If $W$ has a boundary $M$ then we can place a labeled link $L$ in the boundary, and the labels of the link play a role similar to the labels of the 2-handles above. In this case the state sum computes $WRT(M, L)$.

For a generic cell decomposition of $W$ (i.e. dual to a triangulation), the $\text{Link}(h_0, \alpha, \beta)$ factor is an evaluation of a labeled ribbon graph which looks like the 1-skeleton of a 4-simplex. If we resolve the five 4-valent vertices oin this graph into pairs of 3-valent vertices, then this becomes the "15-j symbol" used by Crane and Yetter. (Keep in mind that Crane and Yetter use a different normalization which obscures the relation to the WRT invariant.)
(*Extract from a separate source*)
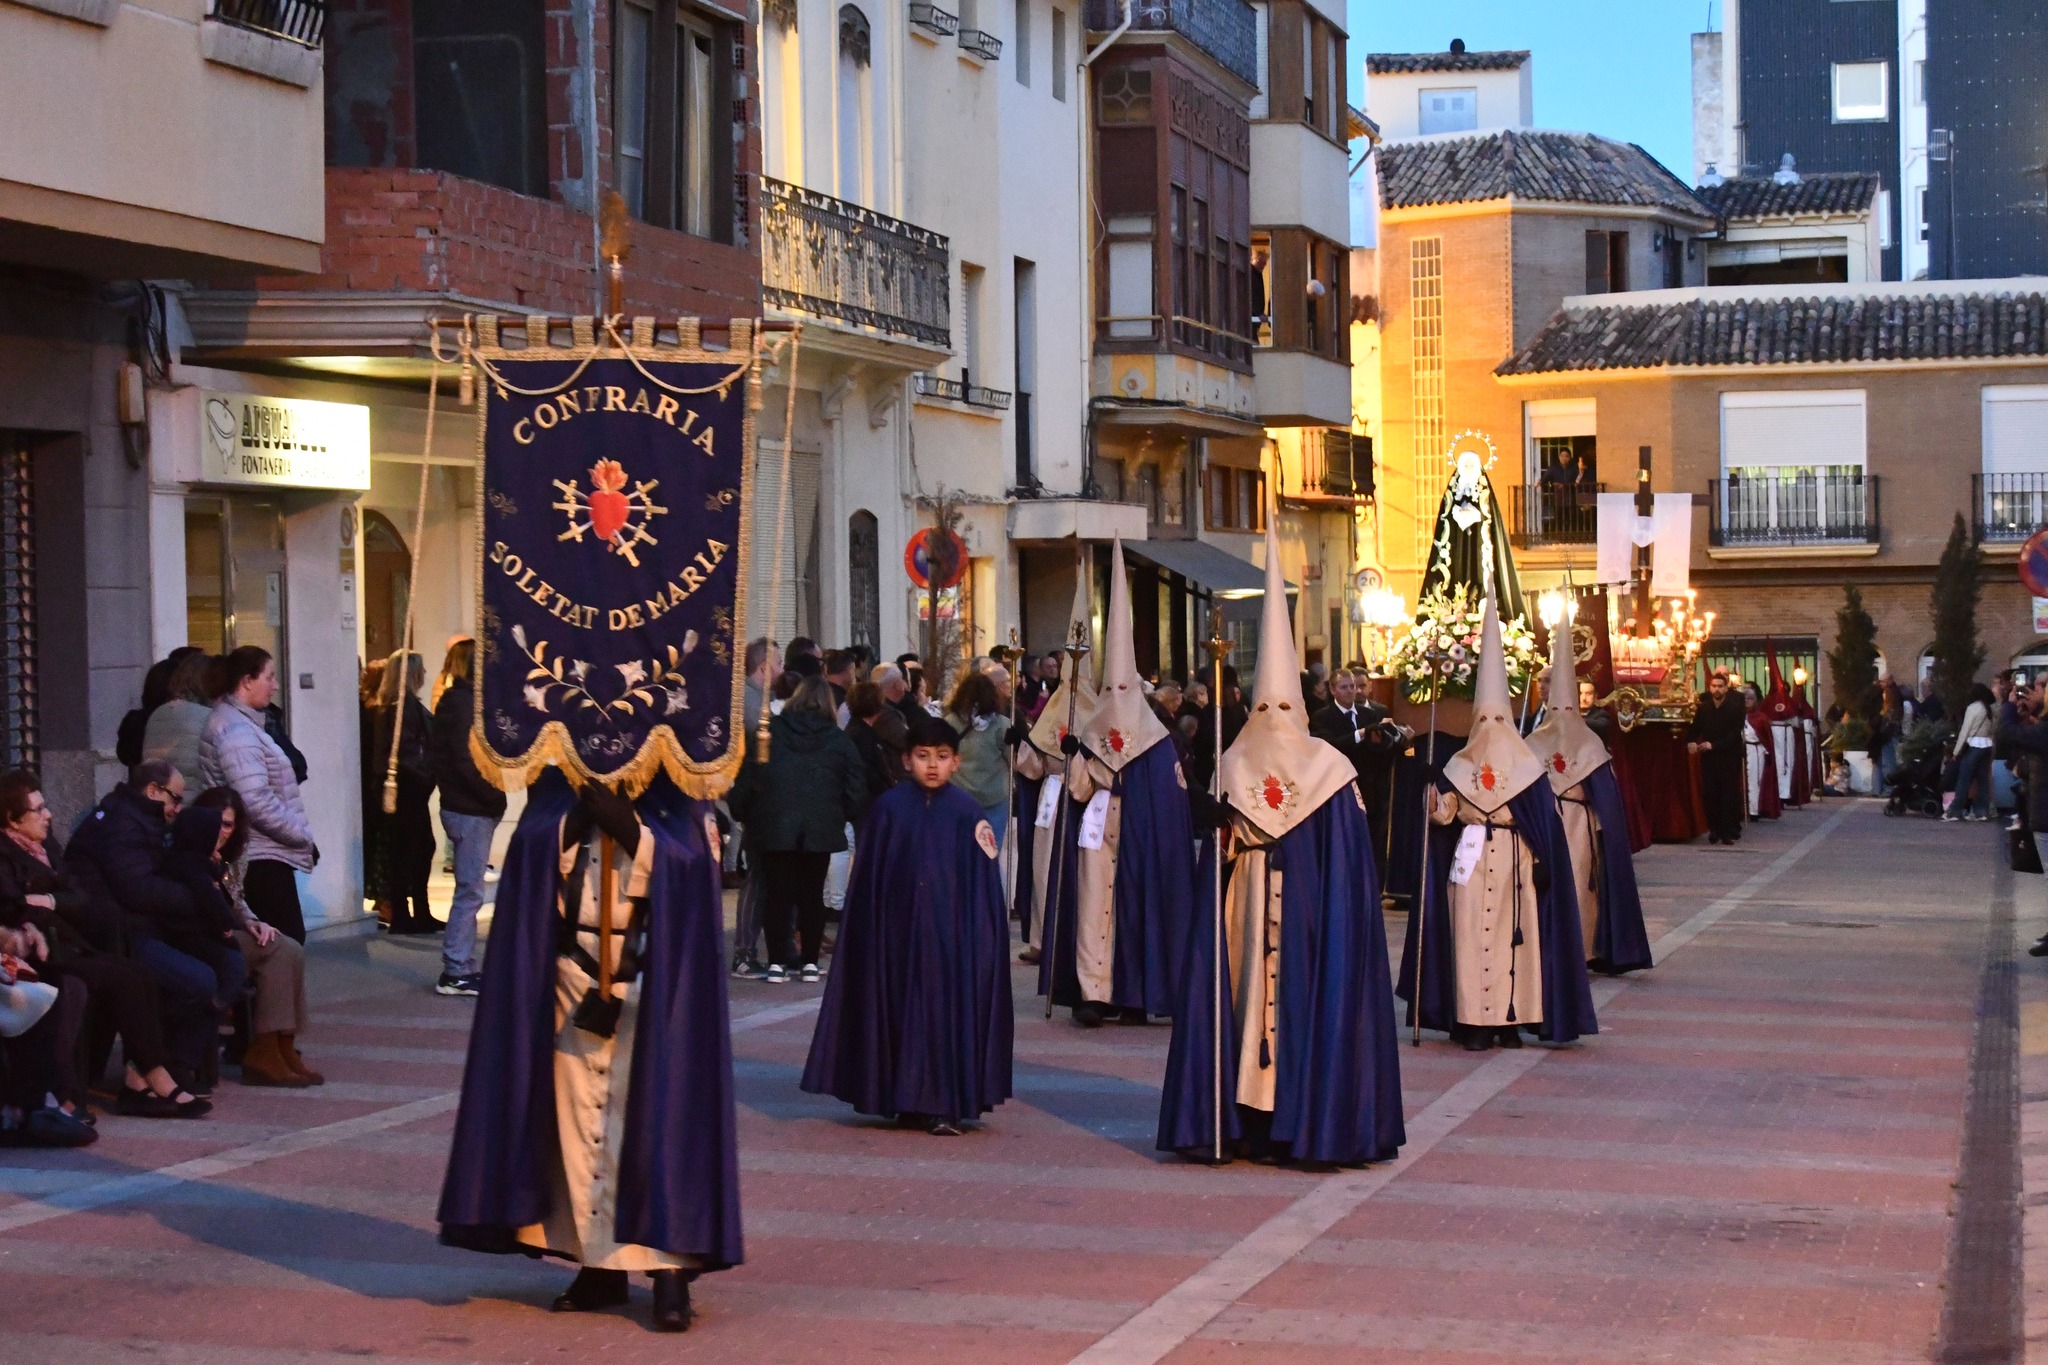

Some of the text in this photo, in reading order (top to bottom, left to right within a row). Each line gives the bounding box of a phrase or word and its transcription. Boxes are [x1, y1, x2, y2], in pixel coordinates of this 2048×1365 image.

[513, 385, 715, 456] CONFRARIA
[489, 538, 729, 631] SOLETAT DE MARIA
[1361, 577, 1376, 587] 20
On the other hand, if we choose a handle decomposition of $W$ with a single 0-handle and several 2-handles (no 1- 3- or 4-handles), then it is easy to see that the above state sum reduces to the Reshetikhin-Turaev surgery formula. The factor $\text{Link}(h_0, \alpha, \beta)$ is the generalized Jones polynomial (evaluated at a root of unity) in this case.

A similar variant yields the Turaev "shadow" state sum.